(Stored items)
********
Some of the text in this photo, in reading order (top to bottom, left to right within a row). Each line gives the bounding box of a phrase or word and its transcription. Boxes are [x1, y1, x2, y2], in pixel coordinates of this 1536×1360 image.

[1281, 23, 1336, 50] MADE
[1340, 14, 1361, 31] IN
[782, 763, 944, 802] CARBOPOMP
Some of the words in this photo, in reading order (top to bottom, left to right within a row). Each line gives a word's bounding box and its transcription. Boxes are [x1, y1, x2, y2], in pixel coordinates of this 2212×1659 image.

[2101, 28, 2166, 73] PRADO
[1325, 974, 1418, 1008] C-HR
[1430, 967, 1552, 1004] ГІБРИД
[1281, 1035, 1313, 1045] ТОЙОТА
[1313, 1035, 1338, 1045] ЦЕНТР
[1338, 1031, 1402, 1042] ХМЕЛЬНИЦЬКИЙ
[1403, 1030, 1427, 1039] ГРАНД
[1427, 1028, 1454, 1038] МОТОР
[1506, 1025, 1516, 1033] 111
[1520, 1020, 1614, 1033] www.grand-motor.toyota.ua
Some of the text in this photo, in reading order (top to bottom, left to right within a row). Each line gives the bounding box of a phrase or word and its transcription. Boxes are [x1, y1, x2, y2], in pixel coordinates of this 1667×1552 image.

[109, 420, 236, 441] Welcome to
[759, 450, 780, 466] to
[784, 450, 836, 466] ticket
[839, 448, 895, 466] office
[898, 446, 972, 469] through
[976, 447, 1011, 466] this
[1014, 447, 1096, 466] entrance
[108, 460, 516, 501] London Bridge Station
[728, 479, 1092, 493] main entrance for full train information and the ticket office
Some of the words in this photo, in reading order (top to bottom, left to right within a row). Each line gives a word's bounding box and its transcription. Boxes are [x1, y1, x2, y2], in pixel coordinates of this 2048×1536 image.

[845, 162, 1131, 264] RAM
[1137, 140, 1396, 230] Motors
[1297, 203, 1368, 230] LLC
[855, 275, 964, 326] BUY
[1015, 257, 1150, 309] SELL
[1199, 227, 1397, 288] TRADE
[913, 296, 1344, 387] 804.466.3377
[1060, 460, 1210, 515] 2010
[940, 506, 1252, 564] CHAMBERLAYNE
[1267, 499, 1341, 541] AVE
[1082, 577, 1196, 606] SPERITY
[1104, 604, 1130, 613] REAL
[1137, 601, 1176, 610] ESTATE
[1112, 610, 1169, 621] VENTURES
********
▸ **Assigned task**: Your task is to repeat every entry above exactly.

▸ **Answer section**:
Some of the text in this photo, in reading order (top to bottom, left to right within a row). Each line gives the bounding box of a phrase or word and its transcription. Boxes are [x1, y1, x2, y2], in pixel coordinates of this 1536×1360 image.

[1281, 23, 1336, 50] MADE
[1340, 14, 1361, 31] IN
[782, 763, 944, 802] CARBOPOMP
Some of the words in this photo, in reading order (top to bottom, left to right within a row). Each line gives a word's bounding box and its transcription. Boxes are [x1, y1, x2, y2], in pixel coordinates of this 2212×1659 image.

[2101, 28, 2166, 73] PRADO
[1325, 974, 1418, 1008] C-HR
[1430, 967, 1552, 1004] ГІБРИД
[1281, 1035, 1313, 1045] ТОЙОТА
[1313, 1035, 1338, 1045] ЦЕНТР
[1338, 1031, 1402, 1042] ХМЕЛЬНИЦЬКИЙ
[1403, 1030, 1427, 1039] ГРАНД
[1427, 1028, 1454, 1038] МОТОР
[1506, 1025, 1516, 1033] 111
[1520, 1020, 1614, 1033] www.grand-motor.toyota.ua
Some of the text in this photo, in reading order (top to bottom, left to right within a row). Each line gives the bounding box of a phrase or word and its transcription. Boxes are [x1, y1, x2, y2], in pixel coordinates of this 1667×1552 image.

[109, 420, 236, 441] Welcome to
[759, 450, 780, 466] to
[784, 450, 836, 466] ticket
[839, 448, 895, 466] office
[898, 446, 972, 469] through
[976, 447, 1011, 466] this
[1014, 447, 1096, 466] entrance
[108, 460, 516, 501] London Bridge Station
[728, 479, 1092, 493] main entrance for full train information and the ticket office
Some of the words in this photo, in reading order (top to bottom, left to right within a row). Each line gives a word's bounding box and its transcription. Boxes are [x1, y1, x2, y2], in pixel coordinates of this 2048×1536 image.

[845, 162, 1131, 264] RAM
[1137, 140, 1396, 230] Motors
[1297, 203, 1368, 230] LLC
[855, 275, 964, 326] BUY
[1015, 257, 1150, 309] SELL
[1199, 227, 1397, 288] TRADE
[913, 296, 1344, 387] 804.466.3377
[1060, 460, 1210, 515] 2010
[940, 506, 1252, 564] CHAMBERLAYNE
[1267, 499, 1341, 541] AVE
[1082, 577, 1196, 606] SPERITY
[1104, 604, 1130, 613] REAL
[1137, 601, 1176, 610] ESTATE
[1112, 610, 1169, 621] VENTURES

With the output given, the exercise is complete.